Apple announced a four-for-one stock split. While that doesn’t affect its intrinsic value, it will make individual Apple shares more affordable — although such moves often fuel investor demand that can drive share prices higher.

The tech companies reported mixed quarterly earnings, a day after their top executives faced a tough U.S. congressio­nal grilling over their market power and alleged monopolist­ic practices.

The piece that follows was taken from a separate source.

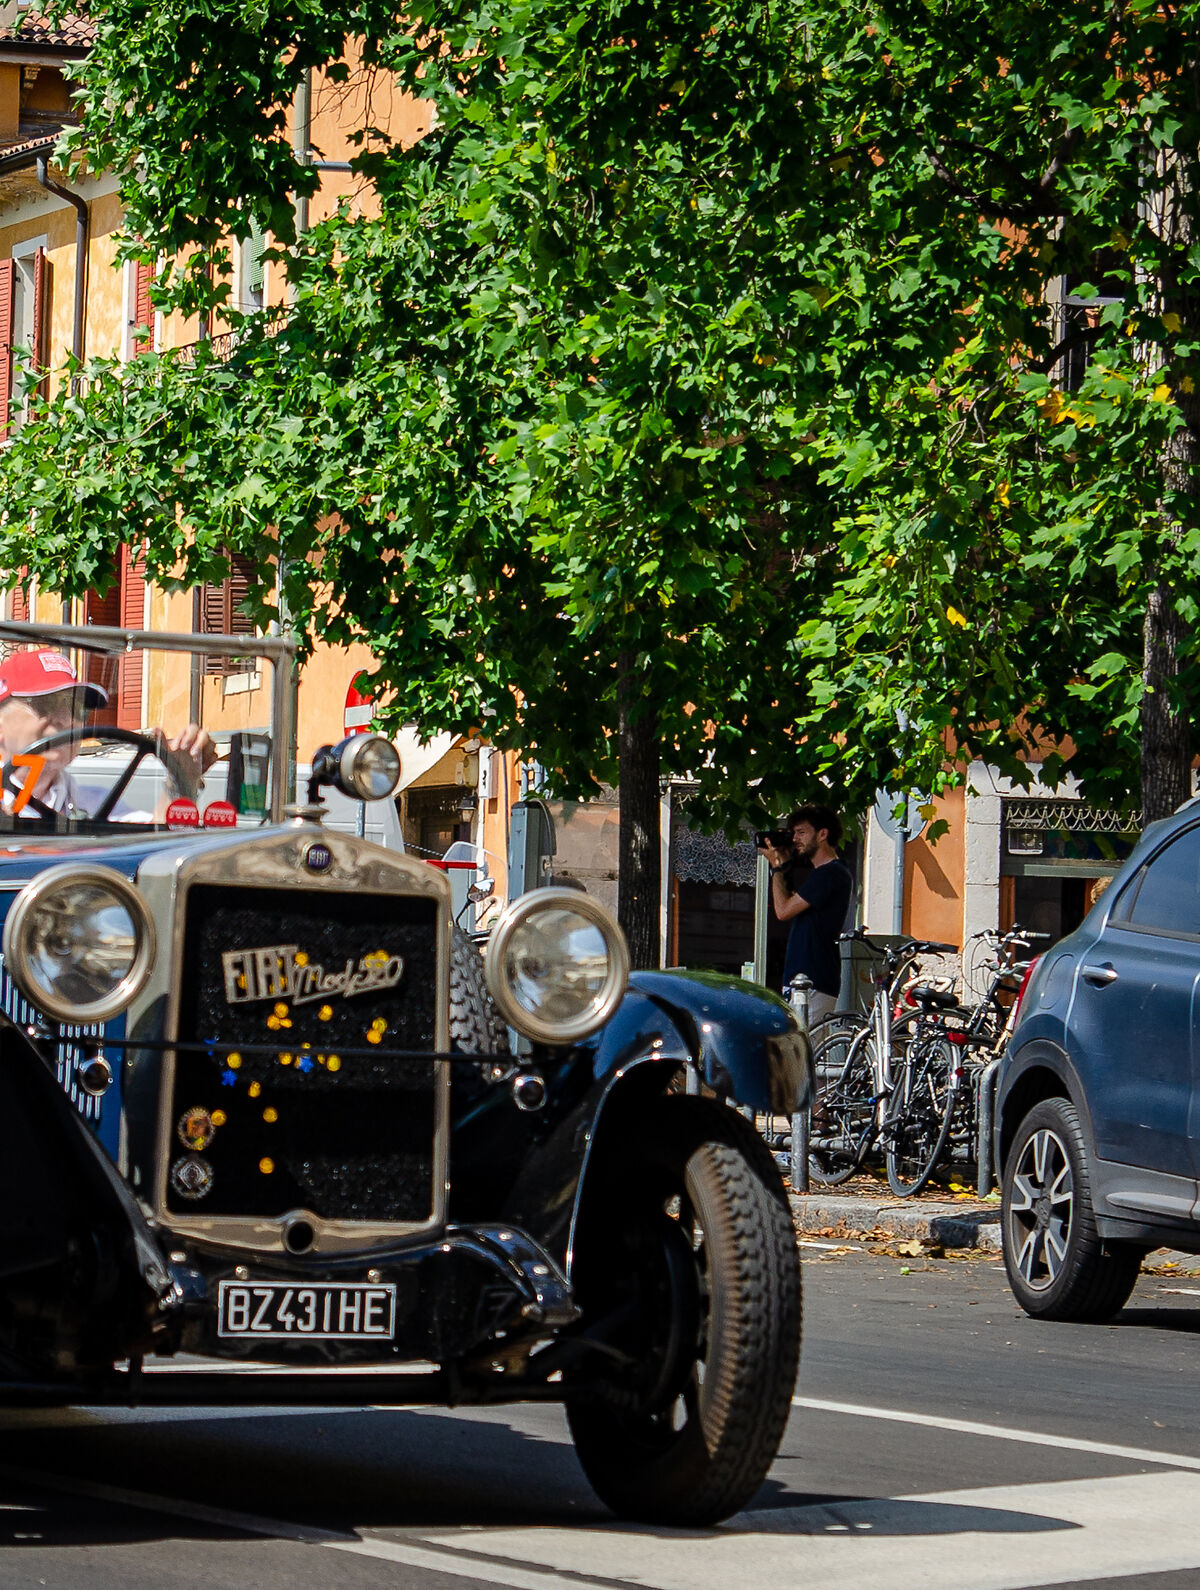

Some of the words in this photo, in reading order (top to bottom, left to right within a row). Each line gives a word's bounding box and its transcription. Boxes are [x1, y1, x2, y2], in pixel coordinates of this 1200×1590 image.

[308, 849, 329, 865] FIAT
[222, 944, 299, 1003] FIAT
[227, 1288, 387, 1333] BZ431HE

Alphabet, Google’s holding company, reported its first-ever drop in quarterly revenue compared to the prior year. Although it was only a two per cent decline, it was a sign of a downturn in the digital ad market while also serving as a reminder that the economy is struggling even more than it did more than a decade ago during the Great Recession

Google’s previous low point came during the second quarter of 2009 when its revenue edged up by just three per cent. Alphabet’s profit for its most recent quarter fell 30 per cent to nearly $7 billion US. Revenue from Google’s core search business declined nearly 10 per cent, though chief financial officer Ruth Porat said there were signs of improvemen­t at the end of the quarter as internet users searched for more commercial products and advertiser­s began spending more on the platform. Still, she said, it’s “premature to gauge the durability” of those trends because of ongoing economic uncertaint­y around the world.

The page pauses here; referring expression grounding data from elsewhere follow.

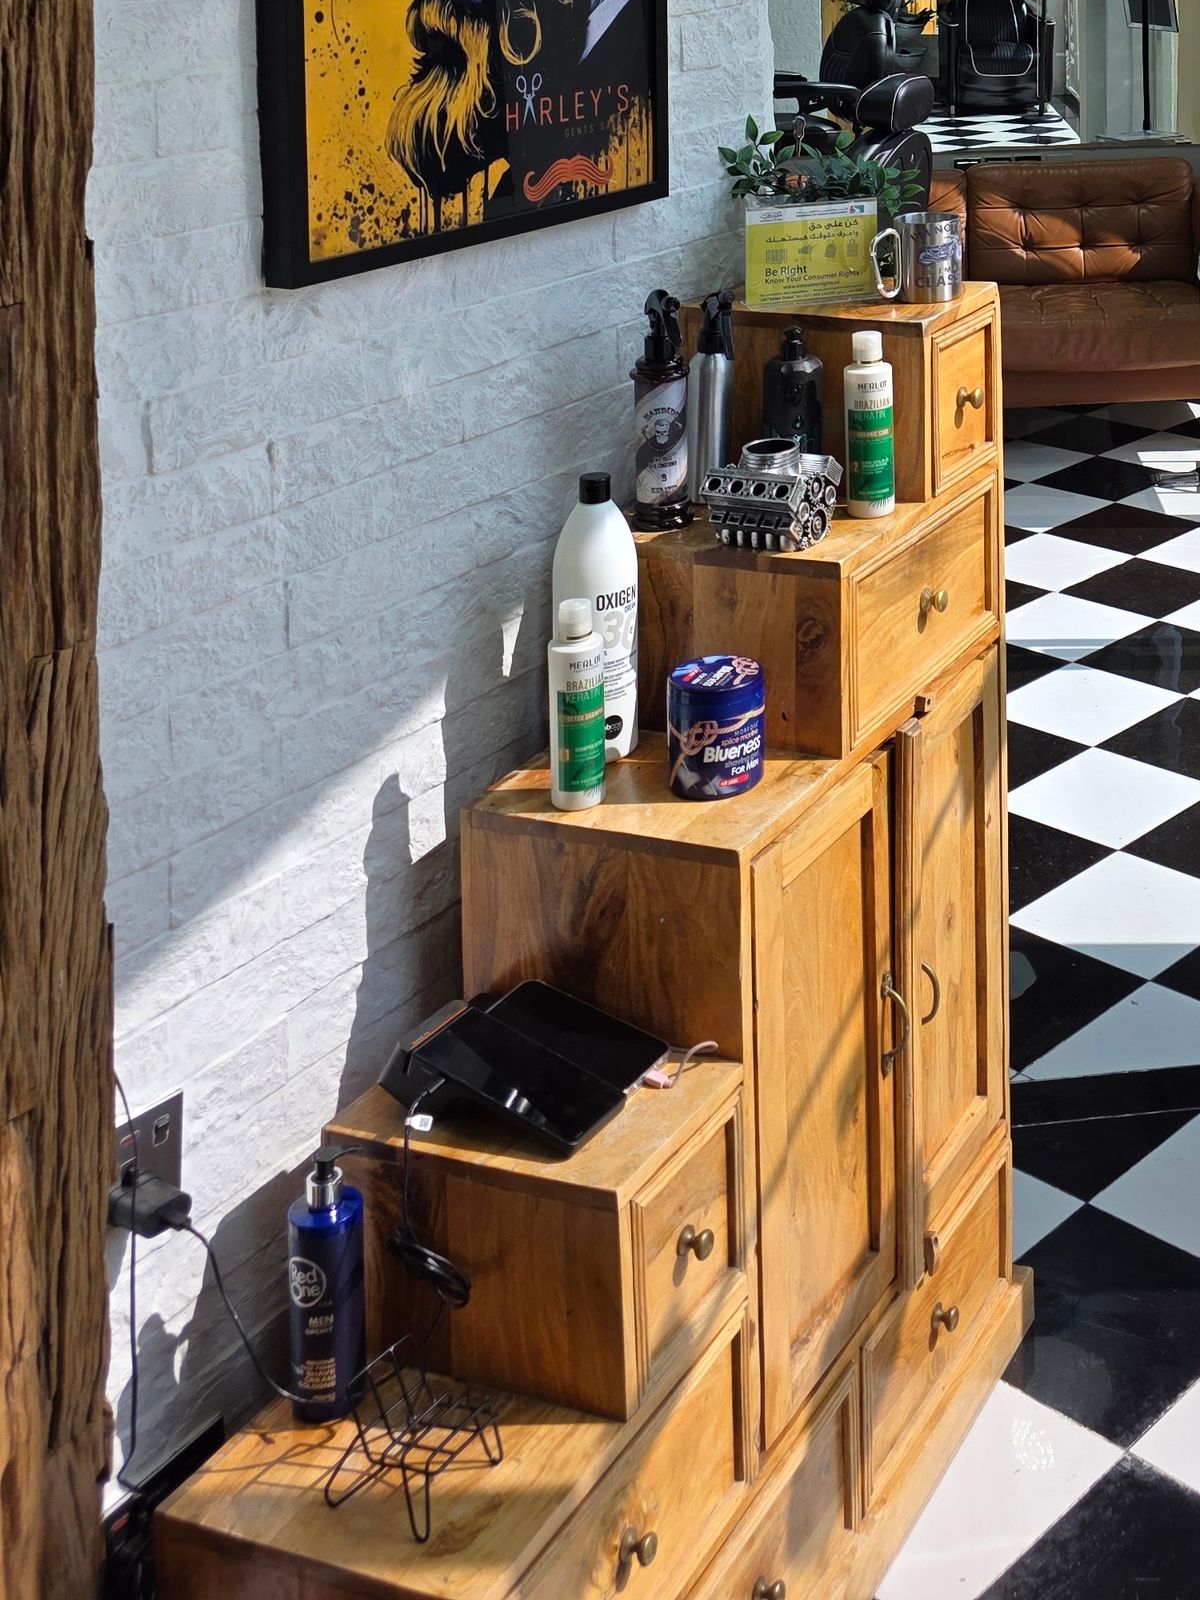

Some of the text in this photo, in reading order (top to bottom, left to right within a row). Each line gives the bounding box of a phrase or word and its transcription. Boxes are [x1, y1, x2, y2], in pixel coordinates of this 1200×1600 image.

[505, 74, 630, 133] HARLEY'S
[564, 124, 595, 139] GENTS
[764, 269, 860, 285] Know Your Consumer Rights
[765, 265, 807, 278] Be Right
[857, 379, 888, 392] MERLOT
[854, 409, 886, 421] KERATIN
[595, 584, 637, 612] OXIGEN
[569, 653, 602, 671] MERLOT
[565, 687, 601, 704] KERATIN
[720, 736, 740, 746] spice
[703, 735, 762, 764] Blueness
[724, 755, 750, 769] shaving
[731, 758, 760, 776] FOR MEN
[290, 1263, 318, 1285] Red
[291, 1281, 321, 1300] One
[308, 1313, 335, 1329] MEN
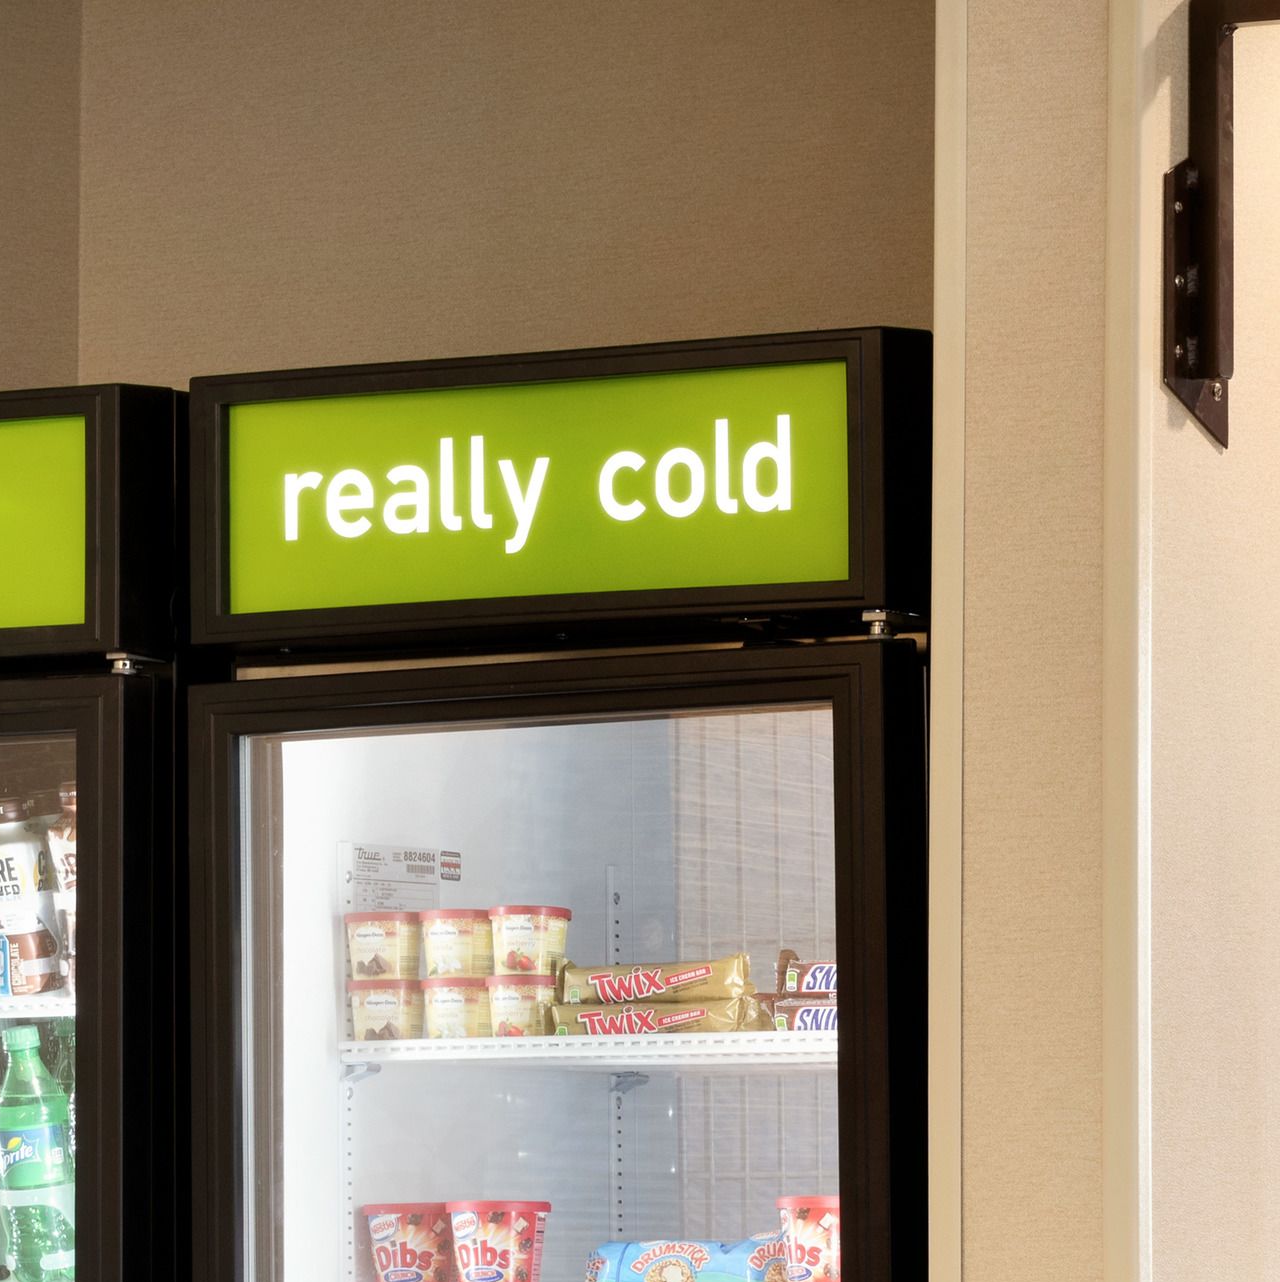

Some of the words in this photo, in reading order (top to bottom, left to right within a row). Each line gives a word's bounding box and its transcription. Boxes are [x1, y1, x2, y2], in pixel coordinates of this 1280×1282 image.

[282, 434, 551, 555] really
[597, 413, 793, 523] cold
[375, 1240, 435, 1272] Dibs
[458, 1239, 511, 1270] Dibs
[630, 1242, 711, 1274] DRUMSTICK
[389, 1271, 417, 1281] CRUNCH

Facebook, which also makes most of its money from digital ads, recorded an 11 per cent increase in revenue from the prior year, its slowest growth since going public eight years ago.

Profit nearly doubled to $5.2 billion from the same time last year, although it would have fallen if not for $3 billion in tax and legal expense items a year ago, much of that related to a a major antitrust settlement with the Federal Trade Commission.

The social network said it expected revenue to grow about 10 per cent in the current quarter, similar to the second quarter, and while that’s more than analysts expect, it’s factoring in issues including economic uncertaint­y, less time spent on its apps as the world reopens from the pandemic in many places, the impact of a July ad boycott targeting hate speech and regulation­s affecting its business like California’s new privacy law.

Apple delivered surprising­ly strong results with rising revenue and profit, defying analysts’ lowered expectatio­ns. The iPhone maker’s revenue rose 11 per cent to nearly $60 billion while profit rose 12 per cent to $11.3 billion.

The pandemic initially walloped Apple twice: First by temporaril­y shutting down iPhone production while the coronaviru­s ravaged China, then by hitting household incomes, making its high-end gadgets less affordable. It softened the blow with the mid-April release of a budget iPhone selling for almost $400, helping the company boost its sales of its biggest moneymaker by two per cent from last year.

More people shopped on Amazon during the pandemic, sending its profit and revenue to record highs, despite rising costs. Its profit doubled to $5.2 billion from last year and its revenue soared 40 per cent to $88.9 billion.

Amazon said it spent more than $4 billion on COVID-19 related costs, such as worker bonuses and disinfecti­ng its massive warehouses where orders are packed and shipped. And it expects to spend another $2 billion on pandemicre­lated costs during the third quarter.